▶ WHAT YOU NEED TO DO
Give back each entry verbatim.

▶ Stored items
+ + + +

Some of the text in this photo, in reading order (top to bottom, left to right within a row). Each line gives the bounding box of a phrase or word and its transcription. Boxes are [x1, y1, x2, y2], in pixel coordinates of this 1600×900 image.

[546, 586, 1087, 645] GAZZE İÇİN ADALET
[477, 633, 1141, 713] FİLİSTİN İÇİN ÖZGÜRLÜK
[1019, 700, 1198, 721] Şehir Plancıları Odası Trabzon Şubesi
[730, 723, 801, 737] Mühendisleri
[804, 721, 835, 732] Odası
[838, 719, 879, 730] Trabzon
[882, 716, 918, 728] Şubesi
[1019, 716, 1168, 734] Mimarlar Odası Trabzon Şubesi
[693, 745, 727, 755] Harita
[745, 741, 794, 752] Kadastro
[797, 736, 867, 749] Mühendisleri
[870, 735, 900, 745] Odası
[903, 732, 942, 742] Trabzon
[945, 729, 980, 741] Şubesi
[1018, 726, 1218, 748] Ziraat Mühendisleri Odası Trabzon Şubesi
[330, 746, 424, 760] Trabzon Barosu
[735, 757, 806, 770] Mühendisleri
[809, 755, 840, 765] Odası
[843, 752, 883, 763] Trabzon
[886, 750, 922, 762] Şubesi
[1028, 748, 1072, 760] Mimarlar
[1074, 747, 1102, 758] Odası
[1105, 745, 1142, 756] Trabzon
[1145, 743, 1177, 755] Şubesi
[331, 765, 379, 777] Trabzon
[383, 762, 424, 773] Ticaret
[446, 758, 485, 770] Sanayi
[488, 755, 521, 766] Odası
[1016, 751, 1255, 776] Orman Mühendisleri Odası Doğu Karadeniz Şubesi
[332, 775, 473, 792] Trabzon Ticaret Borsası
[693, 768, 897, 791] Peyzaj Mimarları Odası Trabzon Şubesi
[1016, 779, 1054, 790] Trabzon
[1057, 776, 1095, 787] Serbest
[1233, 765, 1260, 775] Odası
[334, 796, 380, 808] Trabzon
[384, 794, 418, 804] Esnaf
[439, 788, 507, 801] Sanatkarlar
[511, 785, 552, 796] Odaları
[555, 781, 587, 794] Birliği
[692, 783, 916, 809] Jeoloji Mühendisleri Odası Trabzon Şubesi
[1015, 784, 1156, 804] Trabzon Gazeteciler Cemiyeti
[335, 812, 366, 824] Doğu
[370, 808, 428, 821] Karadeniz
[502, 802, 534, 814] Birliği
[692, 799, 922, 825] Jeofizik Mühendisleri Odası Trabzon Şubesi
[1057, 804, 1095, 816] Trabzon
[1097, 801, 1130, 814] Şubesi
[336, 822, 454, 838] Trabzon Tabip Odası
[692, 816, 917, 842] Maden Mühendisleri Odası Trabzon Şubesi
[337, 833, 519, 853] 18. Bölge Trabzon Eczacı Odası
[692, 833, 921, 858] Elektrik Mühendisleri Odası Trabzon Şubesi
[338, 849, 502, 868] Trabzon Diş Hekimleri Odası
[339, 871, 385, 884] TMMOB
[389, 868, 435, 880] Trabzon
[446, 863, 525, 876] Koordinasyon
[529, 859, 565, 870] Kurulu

+ + + +

▶ SOLUTION TO THIS TASK
Some of the text in this photo, in reading order (top to bottom, left to right within a row). Each line gives the bounding box of a phrase or word and its transcription. Boxes are [x1, y1, x2, y2], in pixel coordinates of this 1600×900 image.

[546, 586, 1087, 645] GAZZE İÇİN ADALET
[477, 633, 1141, 713] FİLİSTİN İÇİN ÖZGÜRLÜK
[1019, 700, 1198, 721] Şehir Plancıları Odası Trabzon Şubesi
[730, 723, 801, 737] Mühendisleri
[804, 721, 835, 732] Odası
[838, 719, 879, 730] Trabzon
[882, 716, 918, 728] Şubesi
[1019, 716, 1168, 734] Mimarlar Odası Trabzon Şubesi
[693, 745, 727, 755] Harita
[745, 741, 794, 752] Kadastro
[797, 736, 867, 749] Mühendisleri
[870, 735, 900, 745] Odası
[903, 732, 942, 742] Trabzon
[945, 729, 980, 741] Şubesi
[1018, 726, 1218, 748] Ziraat Mühendisleri Odası Trabzon Şubesi
[330, 746, 424, 760] Trabzon Barosu
[735, 757, 806, 770] Mühendisleri
[809, 755, 840, 765] Odası
[843, 752, 883, 763] Trabzon
[886, 750, 922, 762] Şubesi
[1028, 748, 1072, 760] Mimarlar
[1074, 747, 1102, 758] Odası
[1105, 745, 1142, 756] Trabzon
[1145, 743, 1177, 755] Şubesi
[331, 765, 379, 777] Trabzon
[383, 762, 424, 773] Ticaret
[446, 758, 485, 770] Sanayi
[488, 755, 521, 766] Odası
[1016, 751, 1255, 776] Orman Mühendisleri Odası Doğu Karadeniz Şubesi
[332, 775, 473, 792] Trabzon Ticaret Borsası
[693, 768, 897, 791] Peyzaj Mimarları Odası Trabzon Şubesi
[1016, 779, 1054, 790] Trabzon
[1057, 776, 1095, 787] Serbest
[1233, 765, 1260, 775] Odası
[334, 796, 380, 808] Trabzon
[384, 794, 418, 804] Esnaf
[439, 788, 507, 801] Sanatkarlar
[511, 785, 552, 796] Odaları
[555, 781, 587, 794] Birliği
[692, 783, 916, 809] Jeoloji Mühendisleri Odası Trabzon Şubesi
[1015, 784, 1156, 804] Trabzon Gazeteciler Cemiyeti
[335, 812, 366, 824] Doğu
[370, 808, 428, 821] Karadeniz
[502, 802, 534, 814] Birliği
[692, 799, 922, 825] Jeofizik Mühendisleri Odası Trabzon Şubesi
[1057, 804, 1095, 816] Trabzon
[1097, 801, 1130, 814] Şubesi
[336, 822, 454, 838] Trabzon Tabip Odası
[692, 816, 917, 842] Maden Mühendisleri Odası Trabzon Şubesi
[337, 833, 519, 853] 18. Bölge Trabzon Eczacı Odası
[692, 833, 921, 858] Elektrik Mühendisleri Odası Trabzon Şubesi
[338, 849, 502, 868] Trabzon Diş Hekimleri Odası
[339, 871, 385, 884] TMMOB
[389, 868, 435, 880] Trabzon
[446, 863, 525, 876] Koordinasyon
[529, 859, 565, 870] Kurulu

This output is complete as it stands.